Wherever an image appears in the entries, drop it and reproduce everything else exactly.
- - - - -
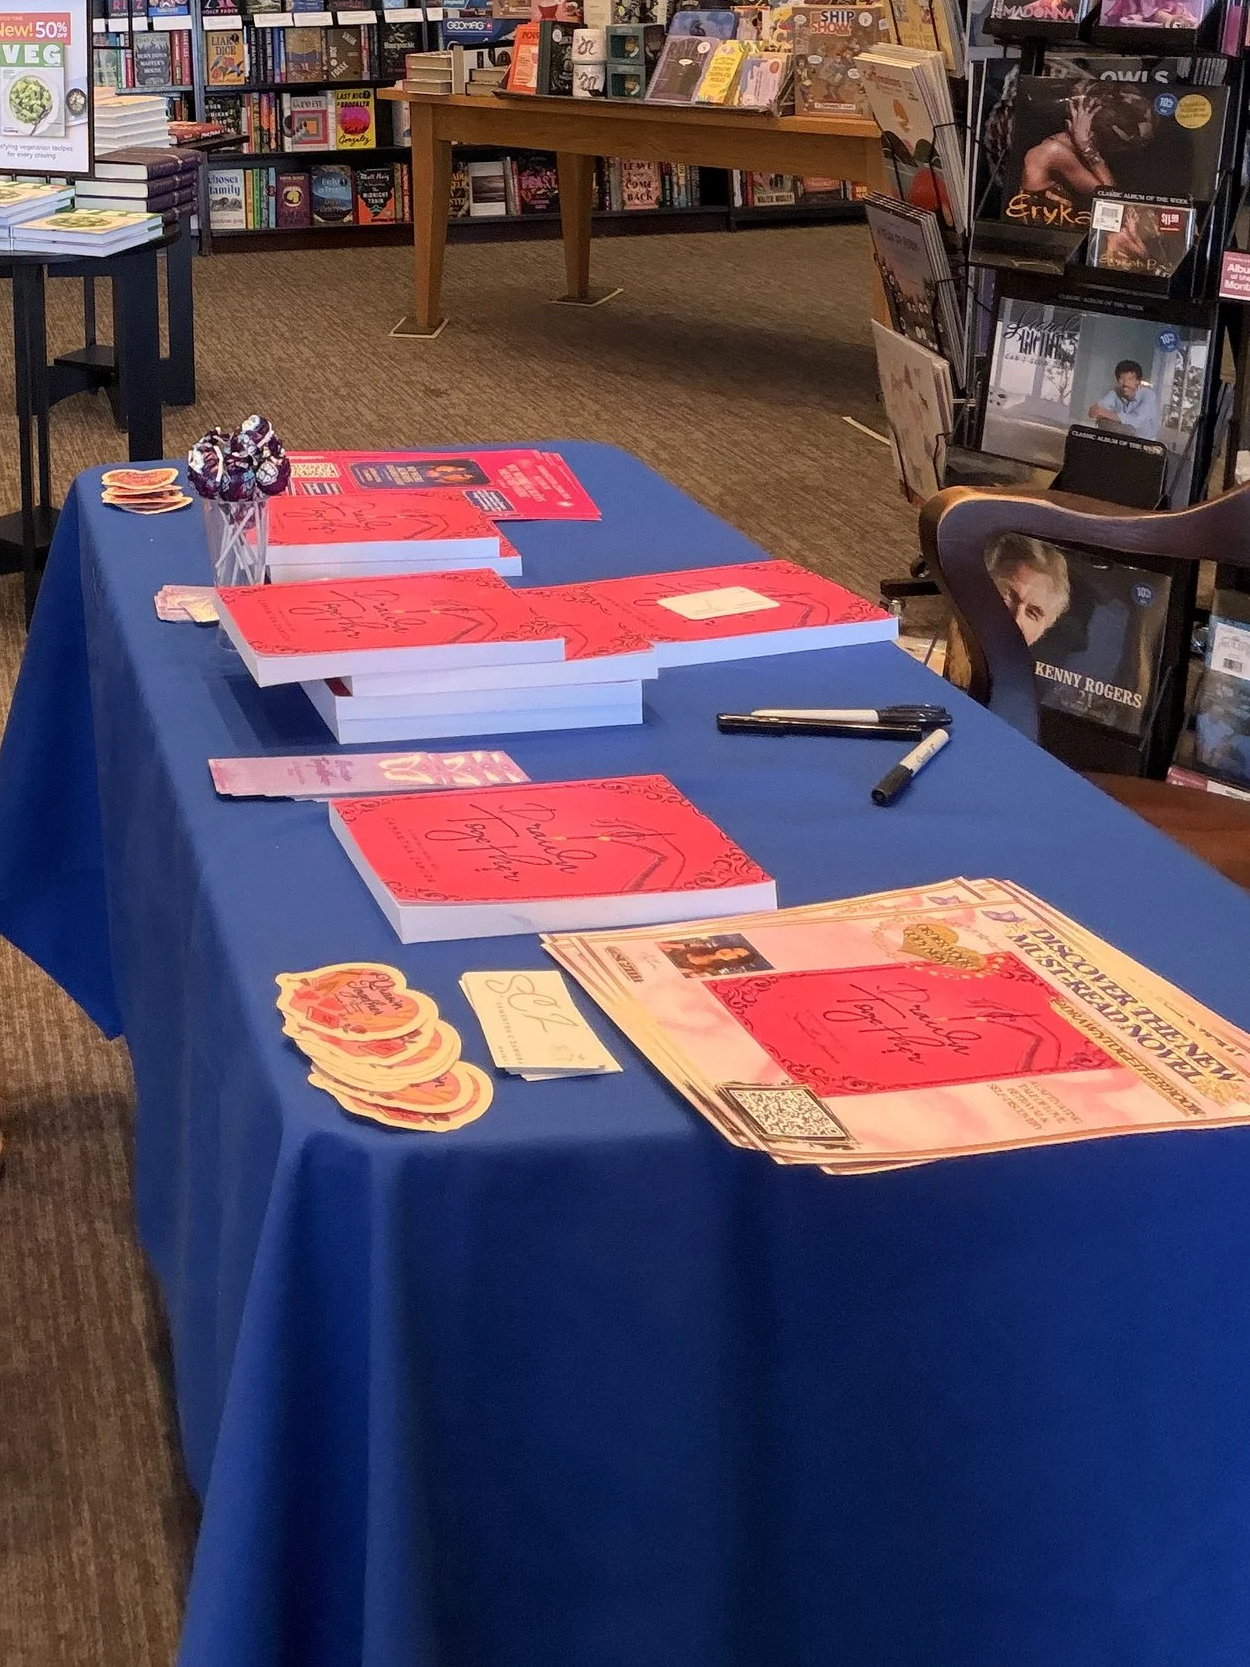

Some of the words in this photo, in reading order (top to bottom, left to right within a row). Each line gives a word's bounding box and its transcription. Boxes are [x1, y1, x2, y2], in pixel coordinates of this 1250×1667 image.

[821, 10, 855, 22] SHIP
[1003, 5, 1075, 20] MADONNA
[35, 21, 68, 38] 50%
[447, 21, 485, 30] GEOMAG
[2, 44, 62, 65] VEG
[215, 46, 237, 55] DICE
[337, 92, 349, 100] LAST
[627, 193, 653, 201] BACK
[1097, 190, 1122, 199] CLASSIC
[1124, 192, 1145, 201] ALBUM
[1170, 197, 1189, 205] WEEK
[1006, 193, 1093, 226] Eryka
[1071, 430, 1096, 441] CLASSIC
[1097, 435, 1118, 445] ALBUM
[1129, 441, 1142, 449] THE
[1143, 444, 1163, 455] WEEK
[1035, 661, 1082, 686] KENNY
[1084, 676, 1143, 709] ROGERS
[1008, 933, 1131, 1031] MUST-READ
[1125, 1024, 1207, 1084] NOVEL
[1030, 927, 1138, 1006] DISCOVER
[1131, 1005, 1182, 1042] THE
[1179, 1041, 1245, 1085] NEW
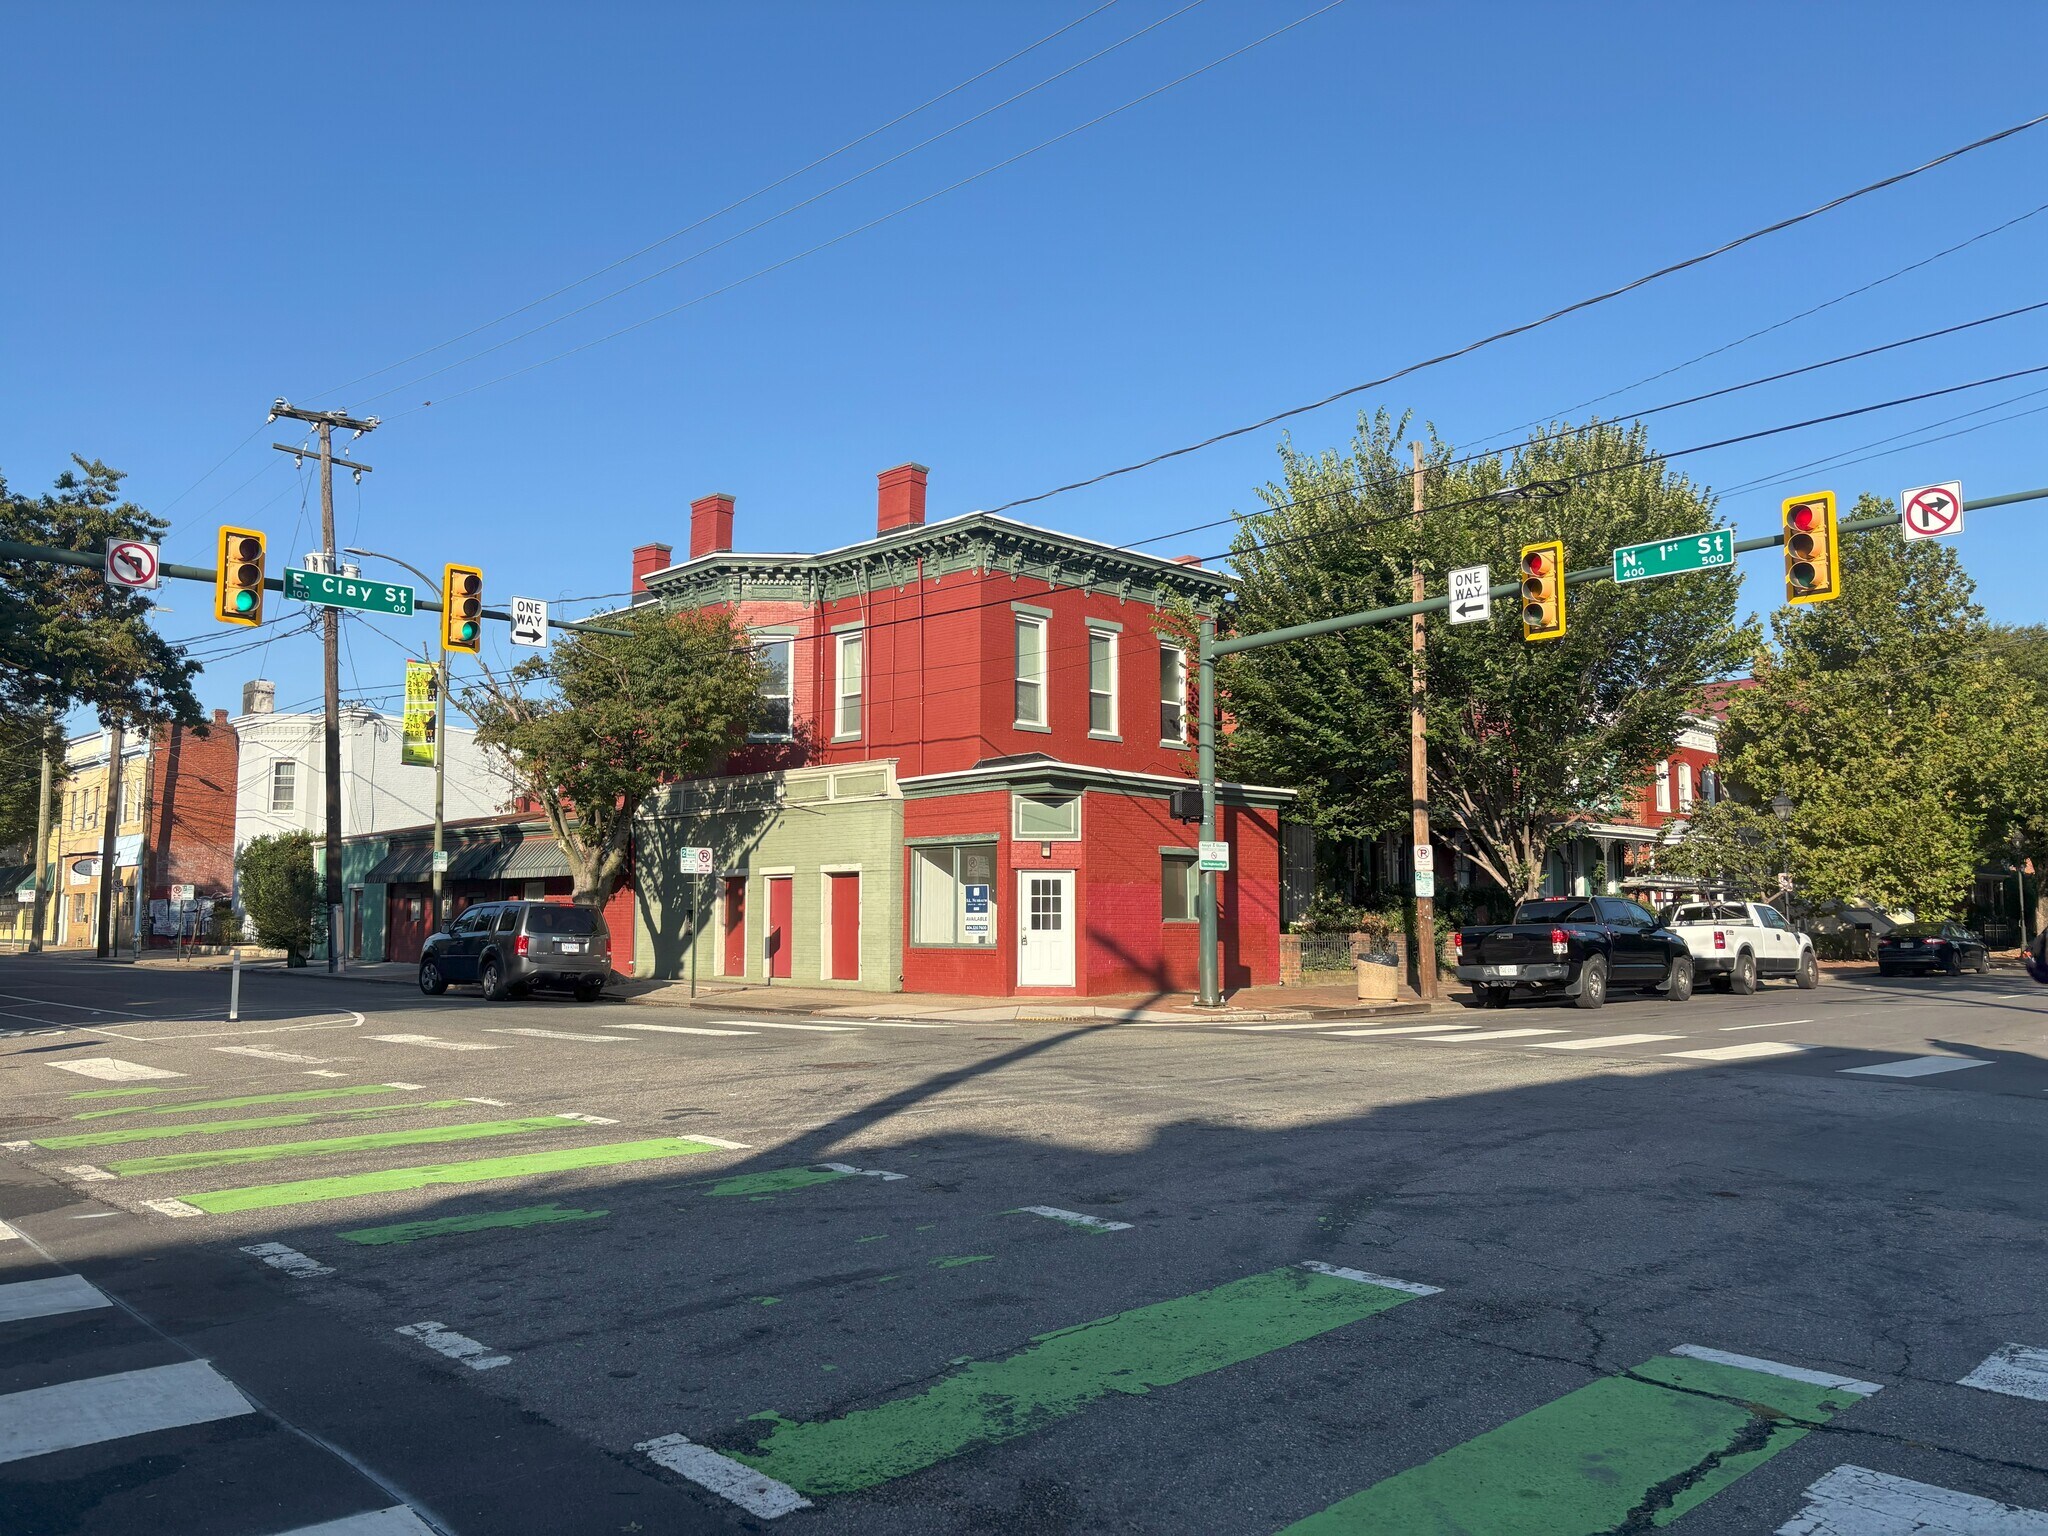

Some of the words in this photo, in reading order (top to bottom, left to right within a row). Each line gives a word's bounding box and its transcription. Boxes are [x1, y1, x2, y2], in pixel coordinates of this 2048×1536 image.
- - - - -
§ **The answer**:
Some of the words in this photo, in reading order (top to bottom, left to right within a row). Each line gives a word's bounding box and its transcription. Boxes are [x1, y1, x2, y2], in pixel coordinates of this 1250×1667 image.

[821, 10, 855, 22] SHIP
[1003, 5, 1075, 20] MADONNA
[35, 21, 68, 38] 50%
[447, 21, 485, 30] GEOMAG
[2, 44, 62, 65] VEG
[215, 46, 237, 55] DICE
[337, 92, 349, 100] LAST
[627, 193, 653, 201] BACK
[1097, 190, 1122, 199] CLASSIC
[1124, 192, 1145, 201] ALBUM
[1170, 197, 1189, 205] WEEK
[1006, 193, 1093, 226] Eryka
[1071, 430, 1096, 441] CLASSIC
[1097, 435, 1118, 445] ALBUM
[1129, 441, 1142, 449] THE
[1143, 444, 1163, 455] WEEK
[1035, 661, 1082, 686] KENNY
[1084, 676, 1143, 709] ROGERS
[1008, 933, 1131, 1031] MUST-READ
[1125, 1024, 1207, 1084] NOVEL
[1030, 927, 1138, 1006] DISCOVER
[1131, 1005, 1182, 1042] THE
[1179, 1041, 1245, 1085] NEW

Some of the words in this photo, in reading order (top to bottom, left to right within a row). Each line gives a word's bounding box and its transcription. Boxes are [x1, y1, x2, y2], in pixel coordinates of this 2048×1536 image.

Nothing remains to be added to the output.